Re: Fwd: libpq: indefinite block on poll during network problems

Поиск
Список
Период
Сортировка
От Dmitry Samonenko
Тема Re: Fwd: libpq: indefinite block on poll during network problems
Дата
Msg-id CAFKp+3cbU3s-V-HEUvg-n+Qx4G4kCD6=n8jxuvK1ORV6K_uayQ@mail.gmail.com
обсуждение исходный текст
Ответ на Re: Fwd: libpq: indefinite block on poll during network problems  (Adrian Klaver <adrian.klaver@aklaver.com>)
Ответы Re: Fwd: libpq: indefinite block on poll during network problems
Список pgsql-general
Guys, first of all: thank you for you help and cooperation.
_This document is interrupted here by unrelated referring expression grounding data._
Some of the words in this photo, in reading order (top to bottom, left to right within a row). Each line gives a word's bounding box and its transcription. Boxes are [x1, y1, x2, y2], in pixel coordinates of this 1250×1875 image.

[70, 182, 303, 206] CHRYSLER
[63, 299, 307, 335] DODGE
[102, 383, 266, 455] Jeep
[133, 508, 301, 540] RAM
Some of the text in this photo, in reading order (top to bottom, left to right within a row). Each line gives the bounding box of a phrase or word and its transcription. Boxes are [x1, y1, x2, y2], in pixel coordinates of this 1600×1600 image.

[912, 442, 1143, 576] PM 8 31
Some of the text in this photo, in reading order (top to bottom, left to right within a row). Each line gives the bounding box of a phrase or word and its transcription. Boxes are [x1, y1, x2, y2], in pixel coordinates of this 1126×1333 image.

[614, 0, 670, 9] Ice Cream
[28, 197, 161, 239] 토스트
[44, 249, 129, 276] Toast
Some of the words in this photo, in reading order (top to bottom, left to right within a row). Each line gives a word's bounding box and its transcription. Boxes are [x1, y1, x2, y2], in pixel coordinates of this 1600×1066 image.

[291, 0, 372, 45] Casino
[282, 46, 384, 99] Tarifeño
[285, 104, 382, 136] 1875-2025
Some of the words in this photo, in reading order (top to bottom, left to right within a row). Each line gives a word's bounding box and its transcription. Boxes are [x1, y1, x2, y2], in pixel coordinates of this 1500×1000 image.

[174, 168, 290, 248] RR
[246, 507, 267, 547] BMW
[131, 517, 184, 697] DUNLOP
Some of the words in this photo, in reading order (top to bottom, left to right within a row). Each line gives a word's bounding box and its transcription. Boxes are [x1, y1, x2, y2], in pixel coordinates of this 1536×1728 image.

I have received several mails suggesting tweaks for tcp_keepalive and usage of postgresql server functions/features (cancel, statement timeout), but as I said - it won't help.

I have reproduced the problem scenario. Logs are attached. I walk you through.

== Setup ==
Client and server applications are placed on separate hosts. Client = 192.168.15.4, Server = 192.168.15.7. Both are in local net. Both are synchronized using 3rd party NTP server. Lets look in strace_export.txt - top 8 lines = socket setup. Keepalive option is set. Client's OS keepalive parameters:

[root@krr2srv1wsn1 dtp_generator]# sysctl -a | grep keepalive
net.ipv4.tcp_keepalive_intvl = 5
net.ipv4.tcp_keepalive_probes = 3
net.ipv4.tcp_keepalive_time = 10

This means that after 10 seconds of idle connection first TCP Keep-Alive probe is sent. If 3 probes with 5 second interval fail - connection should be considered dead.

Server configuration is in postgresql.conf.

== Part 1. TCP Keep Alive ==
At 11:25:35.847138 connection to the server is made and the first query is sent. Got response fast at 11:25:35.858582. No other queries were made for the next minute to catch keep alive packets. Wireshark 1.8.2 marks 13 - 36 frames as Keep-Alive, so we can see that it's configured right and definitely works.

== Part 2. The Problem ==
At 11:26:40.933017 queries generation is started on client side. Client is configured to perform 1 request per second. After some arbitrary time next command is executed on server node:
[root@cluster1]# date && iptables -A OUTPUT -p tcp --sport 5432 -j DROP && iptables -A INPUT -p tcp --dport 5432 -j DROP

11:26:47 is outputed to console. As you can see in client trace file, this time corresponds to frame 55 - the last query is made. strace shows send && poll syscalls. And... that's it. The client got blocked on poll.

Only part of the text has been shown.